YOUR ASSIGNMENT: Will you write out the data exactly, excluding every picture?
___ INPUT DATA
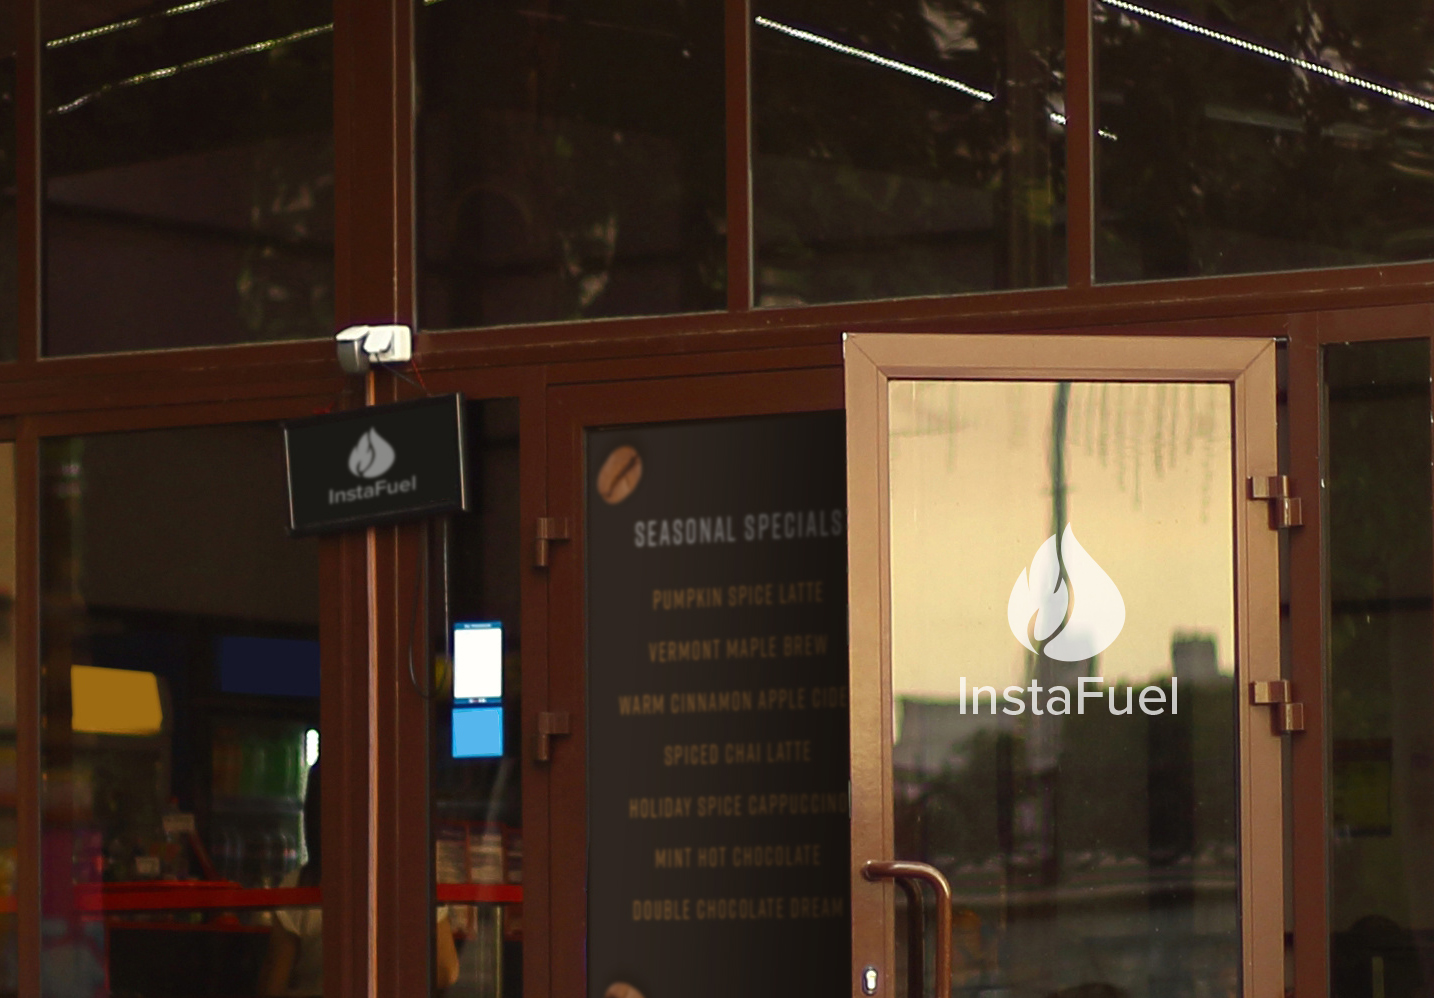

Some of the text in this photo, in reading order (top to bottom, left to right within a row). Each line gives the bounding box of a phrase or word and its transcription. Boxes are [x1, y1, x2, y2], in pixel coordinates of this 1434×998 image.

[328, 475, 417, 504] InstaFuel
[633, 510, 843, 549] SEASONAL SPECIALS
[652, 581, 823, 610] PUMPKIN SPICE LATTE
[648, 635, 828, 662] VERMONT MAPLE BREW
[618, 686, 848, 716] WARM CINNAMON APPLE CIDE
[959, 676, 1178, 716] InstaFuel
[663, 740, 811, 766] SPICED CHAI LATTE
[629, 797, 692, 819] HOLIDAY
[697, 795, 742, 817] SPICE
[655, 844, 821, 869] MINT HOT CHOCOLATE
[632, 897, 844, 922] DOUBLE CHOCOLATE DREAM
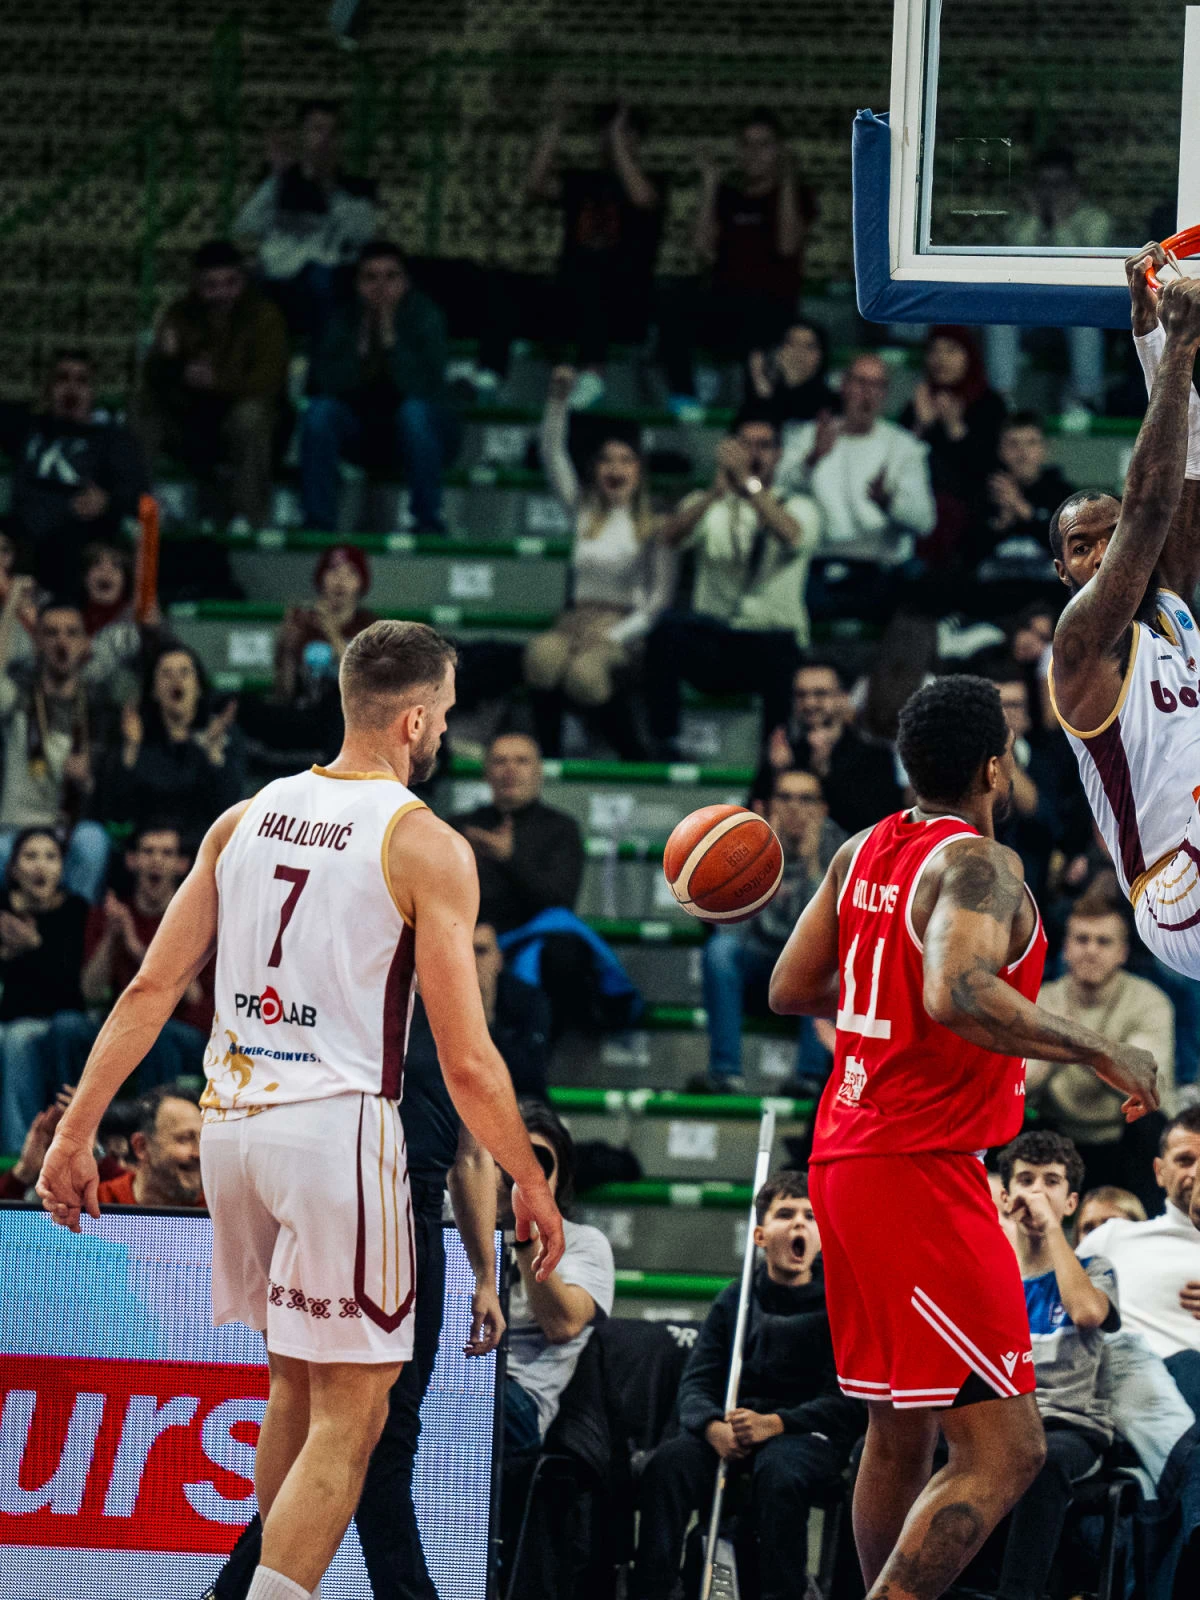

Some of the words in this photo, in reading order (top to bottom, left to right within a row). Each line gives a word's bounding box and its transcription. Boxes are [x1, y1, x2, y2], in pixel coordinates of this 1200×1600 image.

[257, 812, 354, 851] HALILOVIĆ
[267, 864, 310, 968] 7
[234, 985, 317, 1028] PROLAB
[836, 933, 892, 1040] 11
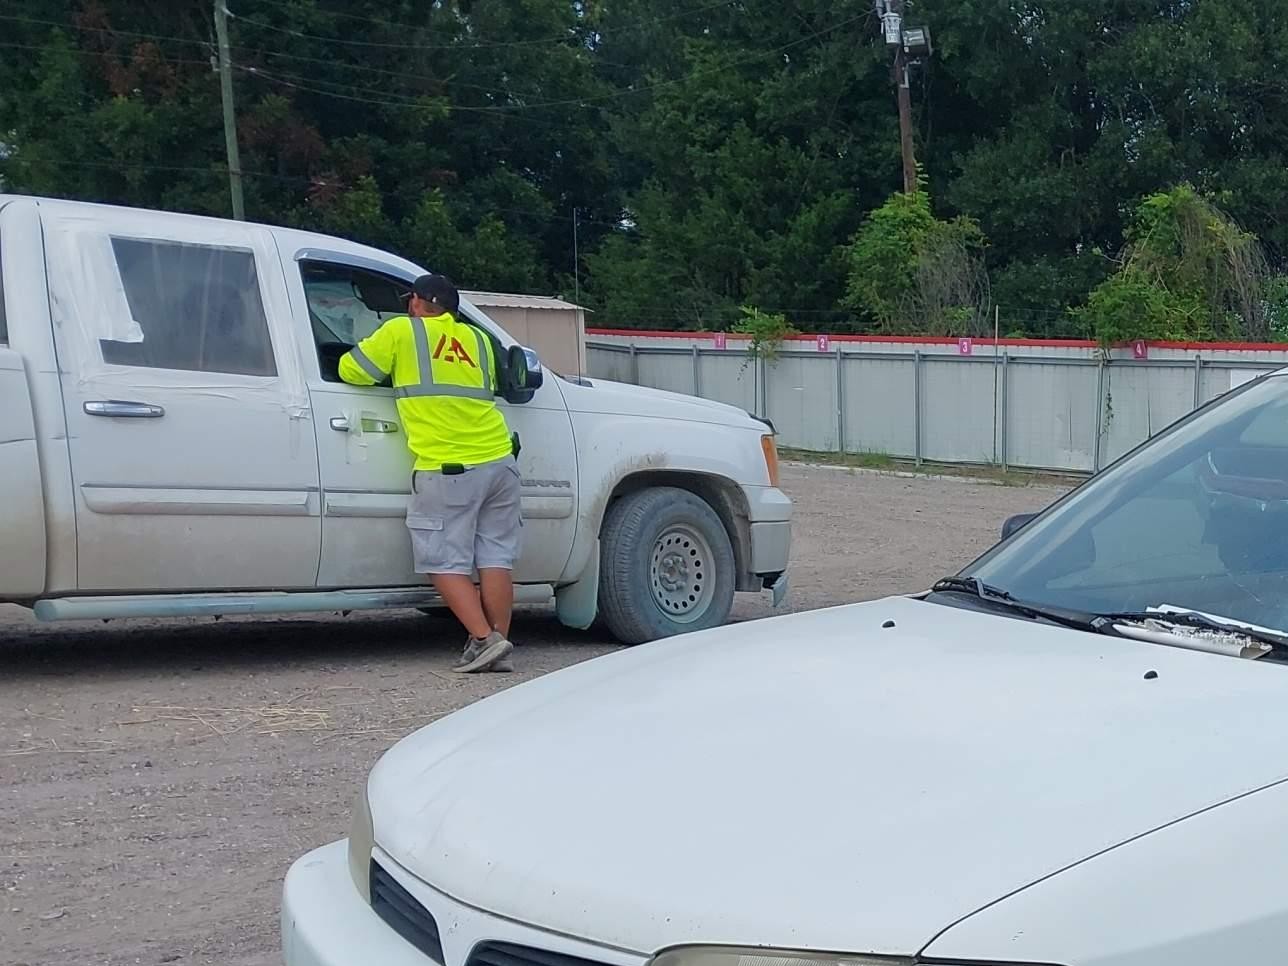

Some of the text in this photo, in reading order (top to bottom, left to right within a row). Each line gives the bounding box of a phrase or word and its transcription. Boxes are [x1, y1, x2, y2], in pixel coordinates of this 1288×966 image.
______
RESPONSE AREA:
Some of the text in this photo, in reading order (top to bottom, left to right within a row). Each line gives the bounding box of a phrase or word and its transcription. Boxes are [x1, y1, x2, y2], in pixel coordinates of this 1434×998 image.

[328, 475, 417, 504] InstaFuel
[633, 510, 843, 549] SEASONAL SPECIALS
[652, 581, 823, 610] PUMPKIN SPICE LATTE
[648, 635, 828, 662] VERMONT MAPLE BREW
[618, 686, 848, 716] WARM CINNAMON APPLE CIDE
[959, 676, 1178, 716] InstaFuel
[663, 740, 811, 766] SPICED CHAI LATTE
[629, 797, 692, 819] HOLIDAY
[697, 795, 742, 817] SPICE
[655, 844, 821, 869] MINT HOT CHOCOLATE
[632, 897, 844, 922] DOUBLE CHOCOLATE DREAM

Some of the words in this photo, in reading order (top to bottom, left to right within a row). Each line gives a word's bounding box and its transcription. Boxes are [x1, y1, x2, y2], in pixel coordinates of this 1200×1600 image.

[257, 812, 354, 851] HALILOVIĆ
[267, 864, 310, 968] 7
[234, 985, 317, 1028] PROLAB
[836, 933, 892, 1040] 11

Some of the text in this photo, in reading order (top to bottom, left to right within a row). Each line gives the bounding box of a phrase or word and its transcription. Boxes are [x1, y1, x2, y2], in pixel coordinates of this 1288×966 image.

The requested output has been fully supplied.